7. You will contemplate your career path
This applies specifically to those who are teaching ESL. Being an ESL teacher has a lot of wonderful perks. The pay is great, the schedule is flexible and you’re around a lot of positive energy. But every now and then, that voice in the back of your head will kick in saying, “You didn’t go through four years of rigorous academics to bum around, teach English and travel wherever.” I worked hard to design lessons that got students excited to learn English (don’t worry, I wasn’t one of those teachers that braided hair and showed movies) but I still felt that burning sense of career stagnation. The rest of my friends were getting their Master’s, founding startups and taking advanced roles in big companies. Compared to them, I often felt like an unaccomplished loser.
8. You are going to hate coming back
Sure, you’ll experience homesickness but deep down, you love living abroad and you’re not pleased with the thought of going back home. Returning home means having to deal with reverse culture shock. You know that when you return, the thrill and discoverability of life in a foreign country won’t exist. New York City is my favorite place in the entire universe and I’m currently working towards another career that I love so it worked out for me. However, getting to this point was a struggle. I still get nostalgic about the exciting life I had in Vietnam and a piece of me wishes that I was still there. Going through the symptoms of reverse culture shock can be worse than homesickness in a foreign country.

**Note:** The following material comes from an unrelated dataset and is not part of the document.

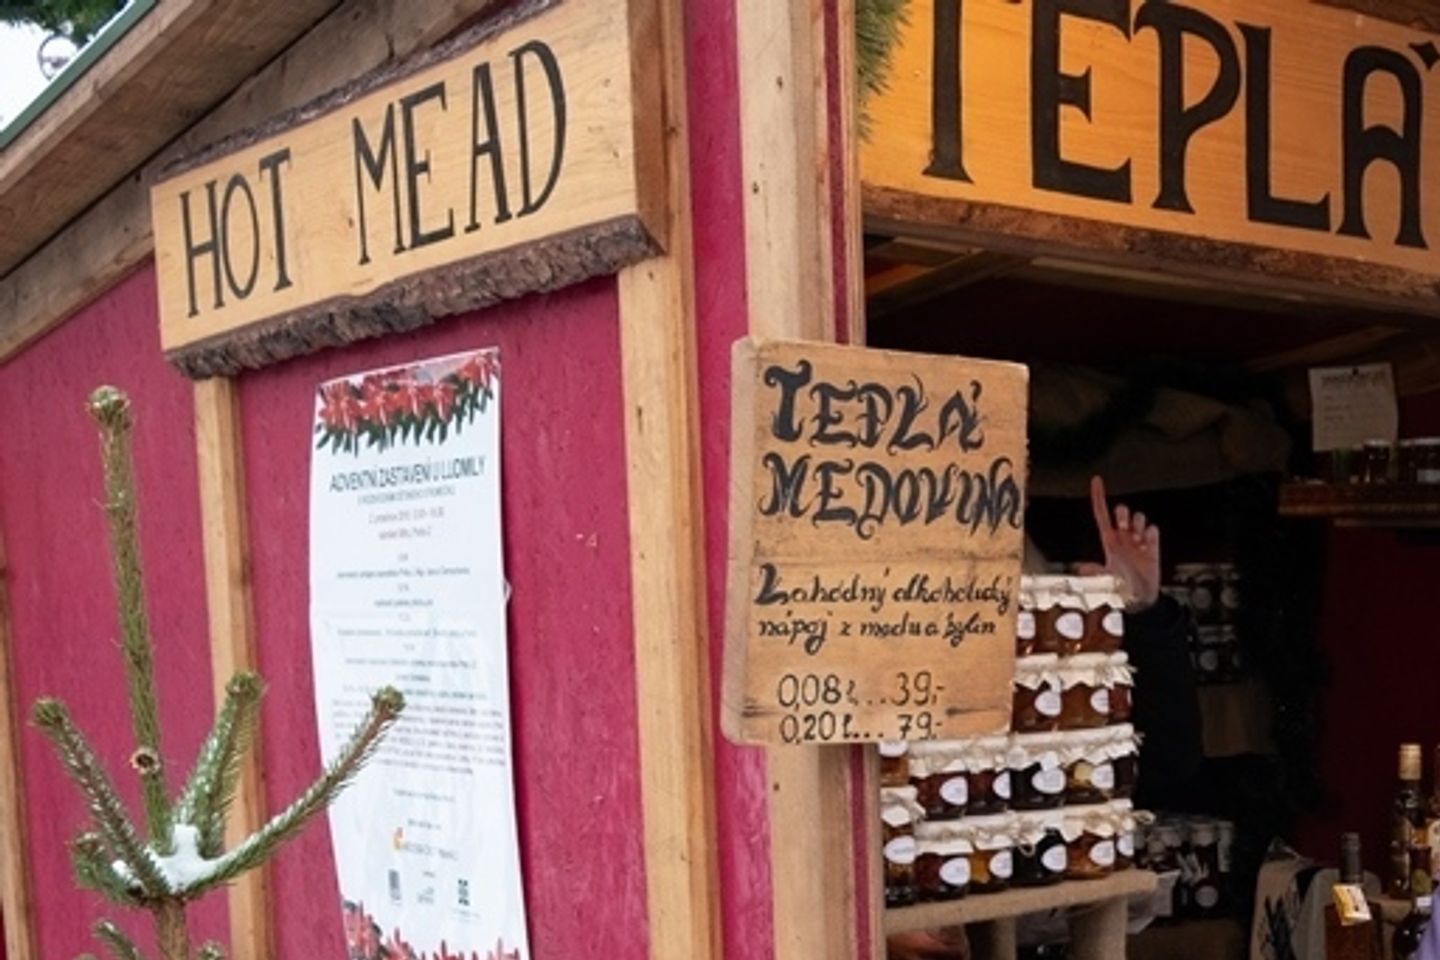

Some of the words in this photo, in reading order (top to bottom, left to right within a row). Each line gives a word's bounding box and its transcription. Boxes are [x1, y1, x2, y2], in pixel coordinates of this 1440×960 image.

Despite the many challenges that you will face while living abroad, you’re not going to regret a minute of it. When you face cultural barriers and begin to open your mind, you’ll start seeing these challenges as a way to empower yourself rather than call it quits. You’ll embrace both the positive and negative aspects of living abroad because you know that any experience will add value to your life. When you face these rough times, remind yourself that you’re not alone and that you can seek help. Sign up with the consulate, talk to your colleagues, write about your experiences (whether on a blog or a personal journal) and be fearless about making friends. Be comfortable in your vulnerability. Ultimately, you’ll learn that it’s not the euphoric moments that make this experience great. Instead, overcoming struggles will be the most rewarding thing about living abroad.